Enrique Santos Calderón
“El hampa aplaudiendo a los jueces”, se titula una nota reciente del editor judicial de El Tiempo, JhonTorres, sobre esa indignante imagen televisada de una veintena de peligrosos criminales dedicados al fleteo, extorsión y homicidio en Bogotá, celebrando entre aplausos y risotadas la decisión de un juez de garantías que ordenó ponerlos en libertad por vencimiento de los términos para legalizar su captura.
Nada raro en este país de leyes donde la persistente desconexión entre normas legales y prioridades sociales ilustra los desbarajustes del sistema judicial.

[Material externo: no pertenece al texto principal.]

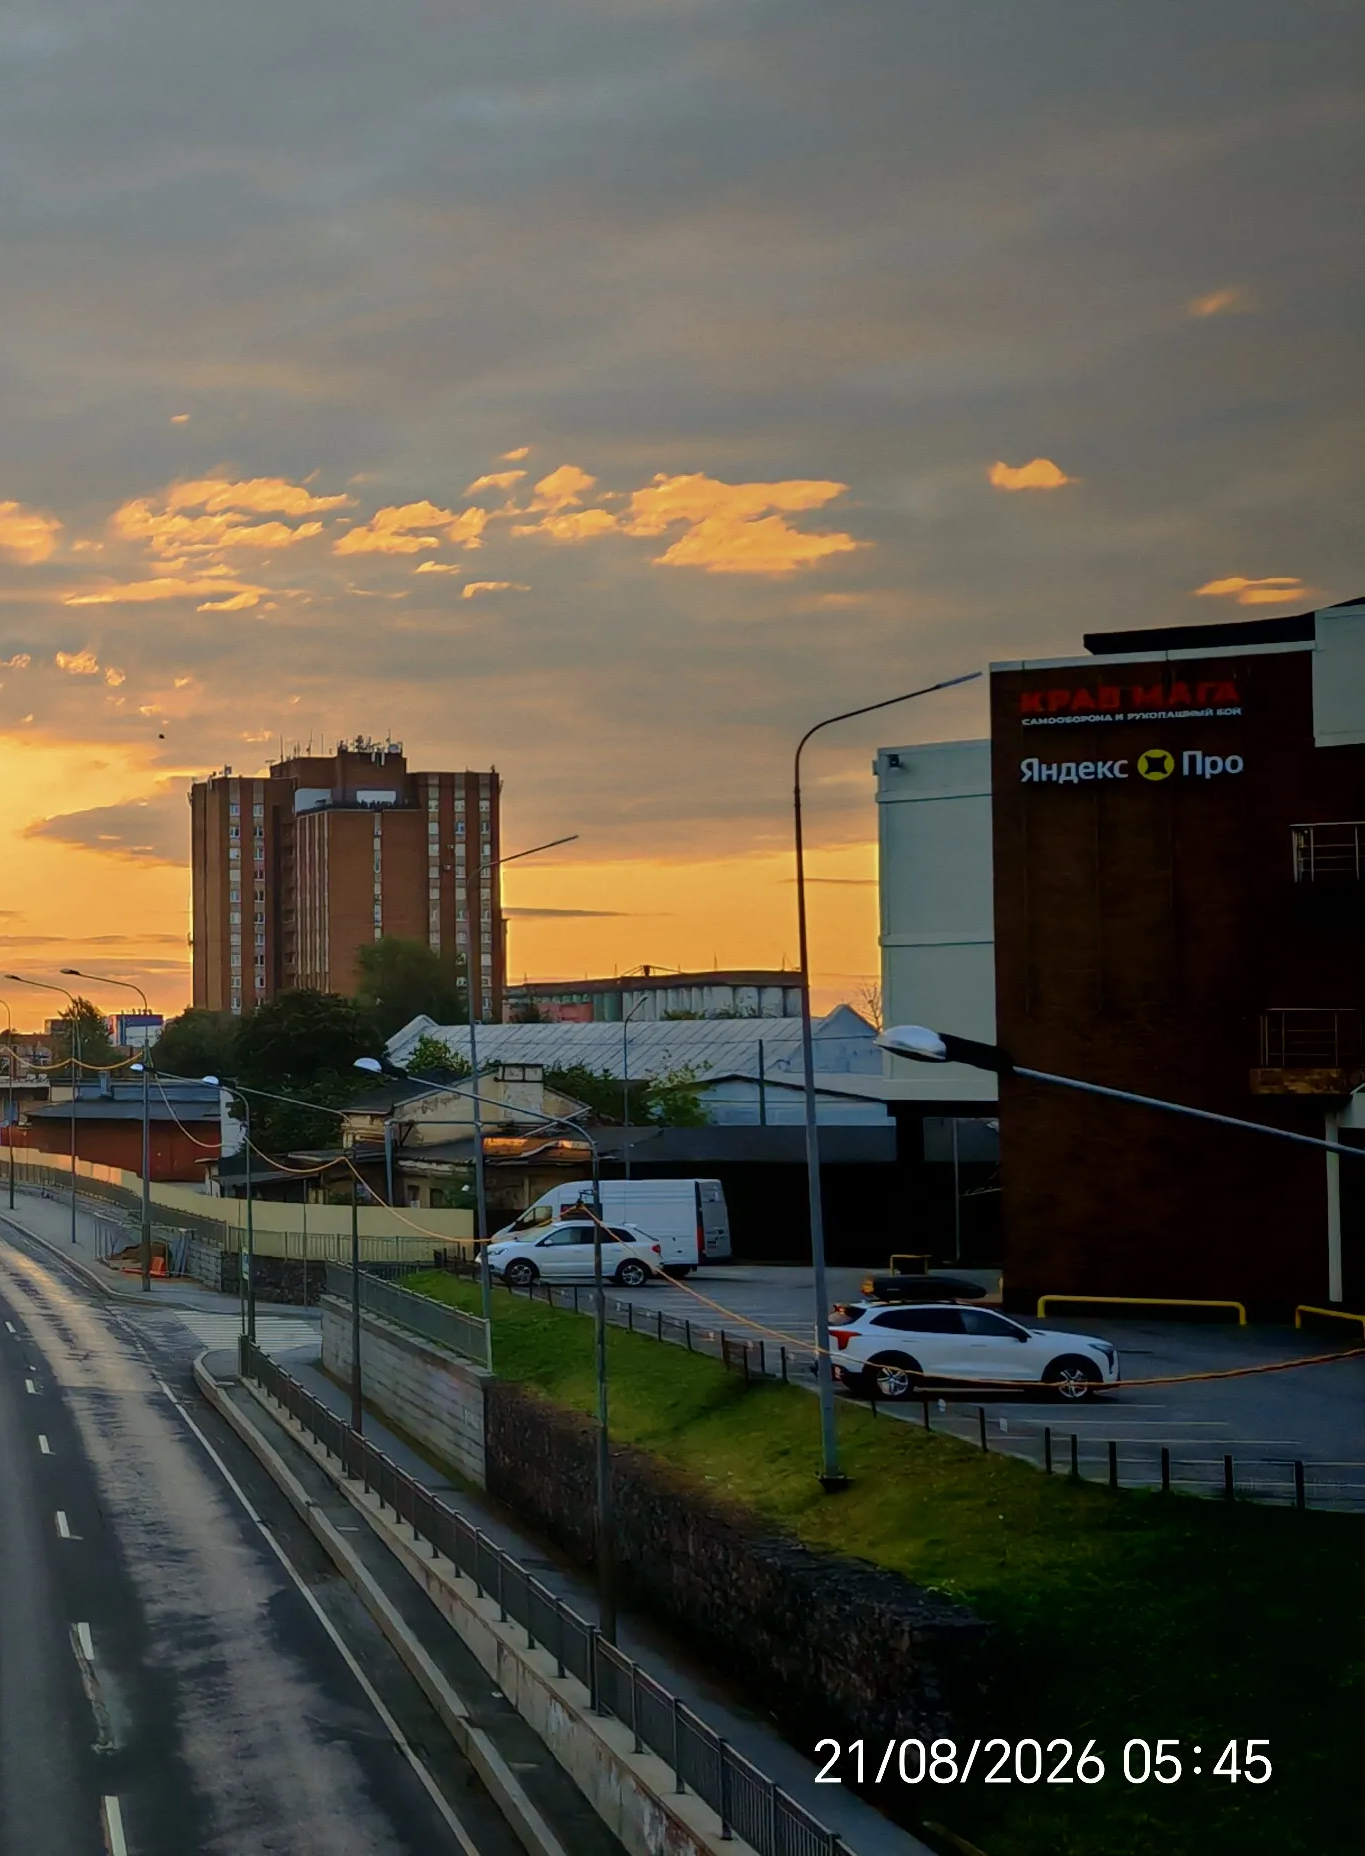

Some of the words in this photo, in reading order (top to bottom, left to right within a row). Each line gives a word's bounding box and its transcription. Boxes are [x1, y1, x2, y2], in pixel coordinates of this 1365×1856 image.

Pero más allá del juicio de responsabilidades, o de la discusión sobre qué persona o entidad fue la responsable de este descalabro (que debería saberse), pienso en sus repercusiones sobre la autoridad que más lo resiente. Pienso en el golpe sicológico y moral que significa para la Policía Nacional, que invirtió ocho meses y cuantiosos recursos en una cuidadosa operación para desarticular a una banda que aterrorizaba a varias localidades de la capital. Y en lo que esto le transmite a una ciudadanía que ha sufrido los abusos de estos criminales, que ahora podrían regresar a lo mismo.
Las liberaciones por vencimiento de términos pegan muy duro porque no son por falta de pruebas o por errores en el procedimiento policial, sino por fallas elementales y con frecuencia absurdas de la justicia. La menor falla formal da lugar a la excarcelación del peor criminal. El periodista Torres dice que en este caso “una vez más el sistema judicial funcionó perfectamente para proteger los derechos de los delincuentes pero fracasó estruendosamente a la hora de defender los de las víctimas de estas bandas”. Frase dura pero certera de la que destaco lo de “a la hora de”. Porque son 36 horas —y ni una más— las que tiene la justicia para legalizar las capturas. Jueces o fiscales no fueron capaces de coordinarse y es así como el tenebroso “rey del fleteo” en Bogotá y sus compinches volverán a pasearse por las calles.
Hechos como estos alimentan en la mente ciudadana la sensación de que cada vez que se captura a un delincuente algún juez o fiscal lo suelta, lo que va destruyendo toda confianza en la justicia del Estado y abonando el terreno para aplicarla por mano propia, con las consecuencias conocidas. Ponen de presente falencias del sistema penal acusatorio que en 2006 Colombia trasplantó de Estados Unidos, de manera improvisada y malentendida según algunos juristas. “Sistema aplazatorio” lo llama el penalista Gómez Méndez por la táctica de abogados, y a veces jueces, de ir aplazando y dilatando citaciones hasta que se vencen los términos. Casos se ven todos los días.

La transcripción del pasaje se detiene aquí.